Due to overwhelming response from fans, that space was given over to tables for customers. Back to the drawing board then: a new space was found in d7 at Sentul East for the roastery, now simply called Artisan Roastery.

To fulfil the market’s growing demand for high quality coffee, Artisan Roastery will be employing a SmartRoast Merlin coffee roaster (which costs approximately RM450,000) by Californian-based manufacturer Loring. On hand to help the Artisan team along with what is touted as the greenest coffee roaster in the world is Michael de Renouard, an experienced roasting trainer from Denmark.

Having won the best filter coffee at the 2007 Nordic Barista Championship, de Renouard is no stranger to great brews. He shares, “I’ve been in Asia three times this year already. I’m pretty happy to be out here and see how the coffee industry progresses. Normally when I visit Asia, I consult on behalf of Speciality Coffee Association of Europe (SCAE) and Loring.”

The affable and humble coffee professional claims that he only offers his customers some pointers: he believes the sharing of information and knowledge is essential to the overall growth of the industry.

“I’m just giving the Artisan team some additional input; you might call it tools to work with. I get new knowledge when I go to conferences and exchange ideas. I learn a lot from everybody. Also I learn a lot about people – whether they are flexible or not.”

This flexibility, or lack thereof, has become a potential obstacle to the coffee industry embracing innovation. de Renouard observes, “It is a conservative industry. Roasters haven’t basically changed since the 50s. The brand of coffee roaster I used to use in Copenhagen was about the same as the model that was introduced just seven years after World War II.”

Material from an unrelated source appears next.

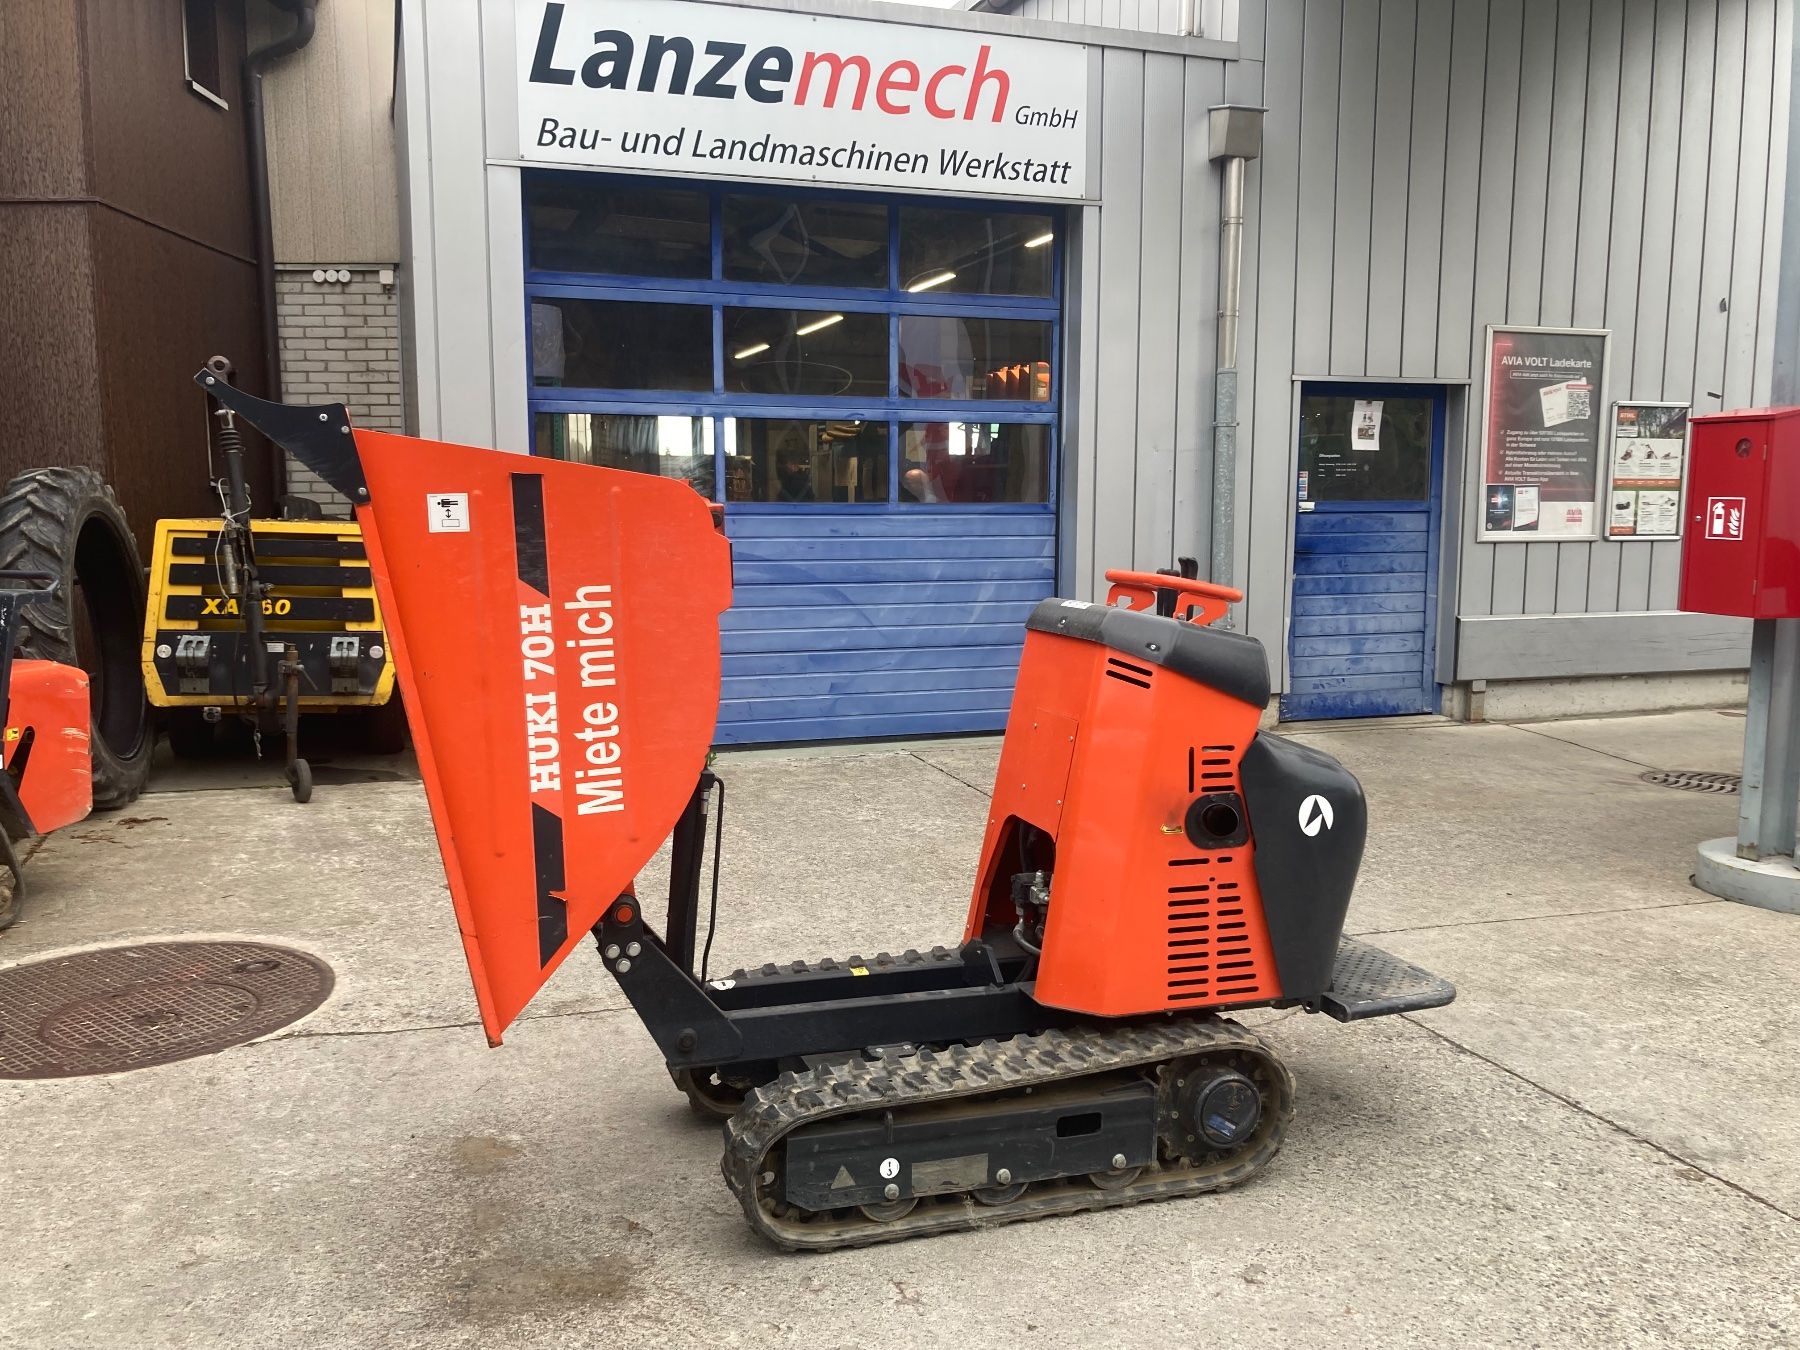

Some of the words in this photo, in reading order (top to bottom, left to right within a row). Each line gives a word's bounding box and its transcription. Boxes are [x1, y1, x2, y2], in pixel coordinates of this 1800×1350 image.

This lack of innovation meant that Loring, as a small startup, had to innovate to avoid stagnating like their competition.

“Loring had to come up with something new as a new manufacturer. They were asked to build a smokeless roaster, and they discovered there was good coffee coming out of it. But they didn’t plan it that way.”

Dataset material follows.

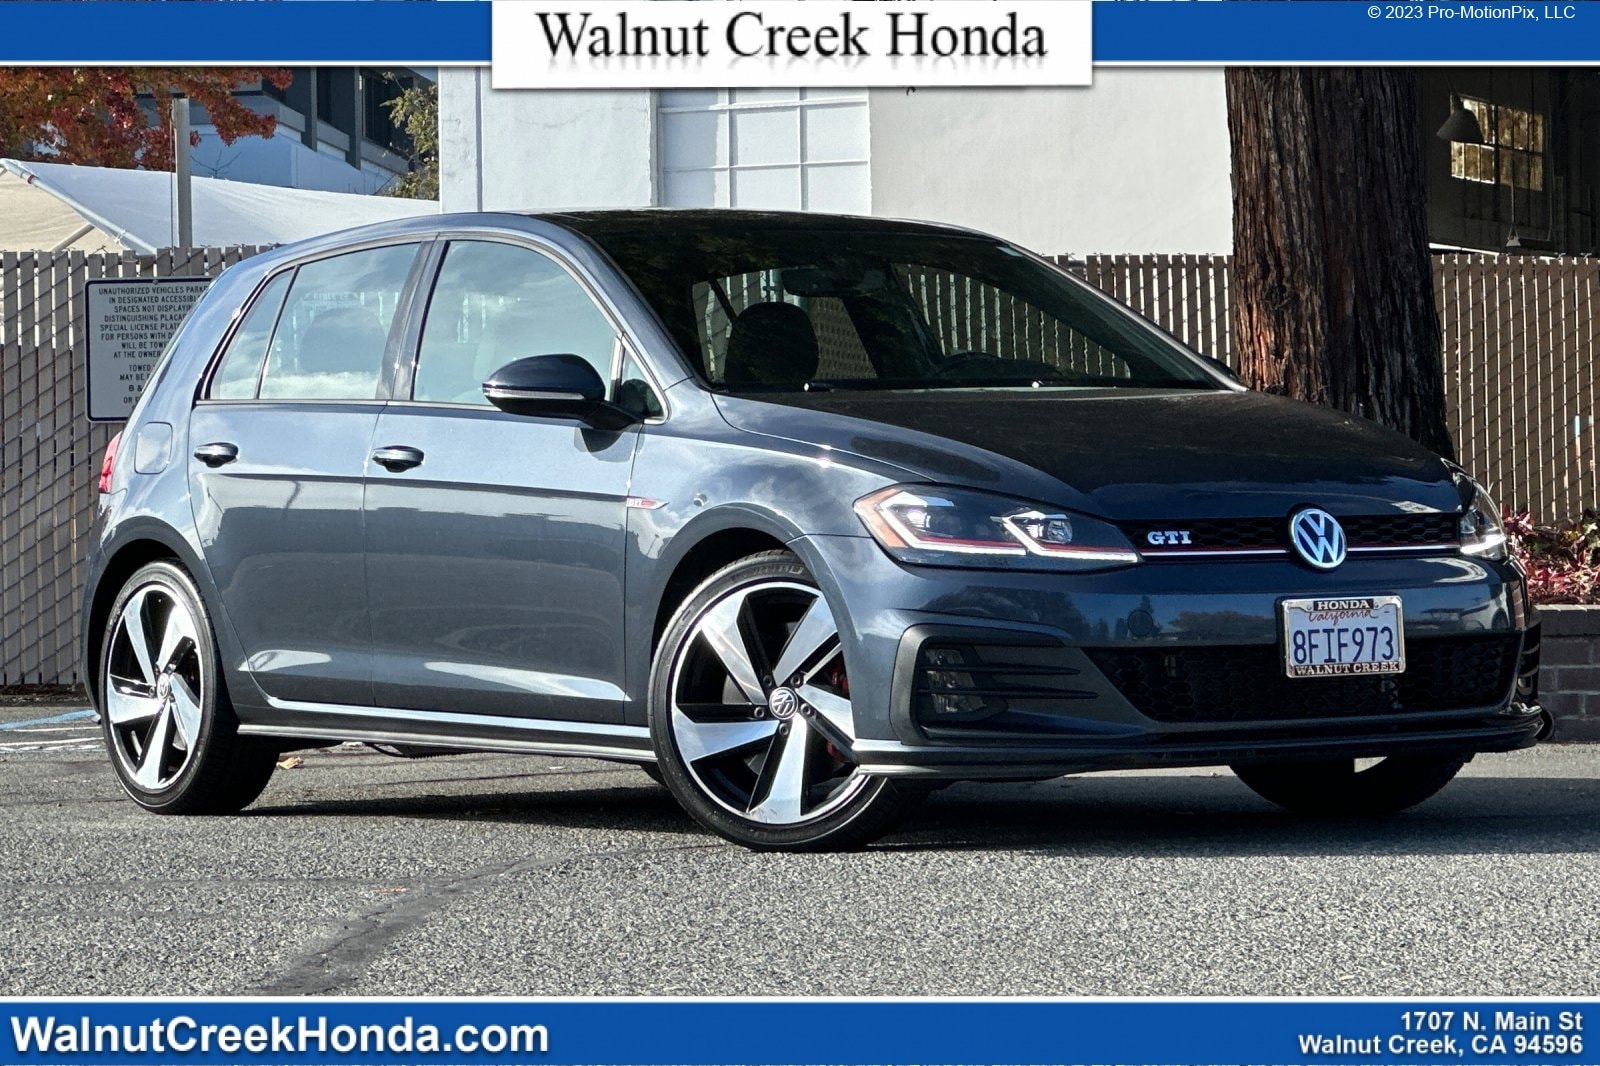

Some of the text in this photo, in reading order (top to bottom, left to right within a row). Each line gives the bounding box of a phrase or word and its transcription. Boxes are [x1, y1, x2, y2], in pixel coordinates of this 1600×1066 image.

Built with Loring’s patented single-burner design, the SmartRoast Merlin used by Artisan Roastery not only produces smokeless roasting but also captures precise roast data, which allows specific roast profiles to be accurately recorded and reproduced time and time again.

“Instead of using an afterburner to burn off the gases that come out after roasting, the incinerator is used to roast the coffee as well, which is a much more efficient system. This then reduces energy consumption and greenhouse gas emissions by up to 80 per cent, making this one of the most environmentally friendly roasters in the world.”

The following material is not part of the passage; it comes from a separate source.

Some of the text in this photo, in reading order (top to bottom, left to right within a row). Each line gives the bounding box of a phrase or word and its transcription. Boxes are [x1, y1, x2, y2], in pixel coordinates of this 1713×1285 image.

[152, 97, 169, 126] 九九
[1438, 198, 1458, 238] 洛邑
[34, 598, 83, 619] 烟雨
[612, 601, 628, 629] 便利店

In addition, the high-speed cooling also prevents baking and helps lock in flavour. de Renouard explains, “This produces a different taste to the beans. Compared to what you get with other roasters, Loring-roasted coffee is cleaner and brighter with better high notes.”

The master coffee trainer warns that a great coffee roaster alone is not the entire story. “Yes, it takes good instruments to make good coffee. But what we also need is the access to decent green beans. Most coffee roasters who buy expensive equipment try and save money on beans. So it makes me happy to see that Artisan is working very hard to obtain really good green beans too.”

In fact, earlier in the year, the Artisan Roast team travelled to Brazil to source for a consistent supply of high-quality beans. de Renouard shares, “What they are doing is very important. If you think in terms of quality, from the entire chain from when you receive the green beans, roast, grind, and brew them, then you really need to maintain this really high level of quality all the way. If you fail at any stage, then you are wasting your hard earned beans.”

It’s clear that an expensive and technologically advanced coffee roaster alone isn’t enough. As the Artisan Roast team continues to build on their pioneer status in the local specialty coffee scene, they are wisely looking at every aspect of their chain to deliver better coffee to their customers.

As to whether they achieve this worthy goal, the proof is in the brew. Every cup counts.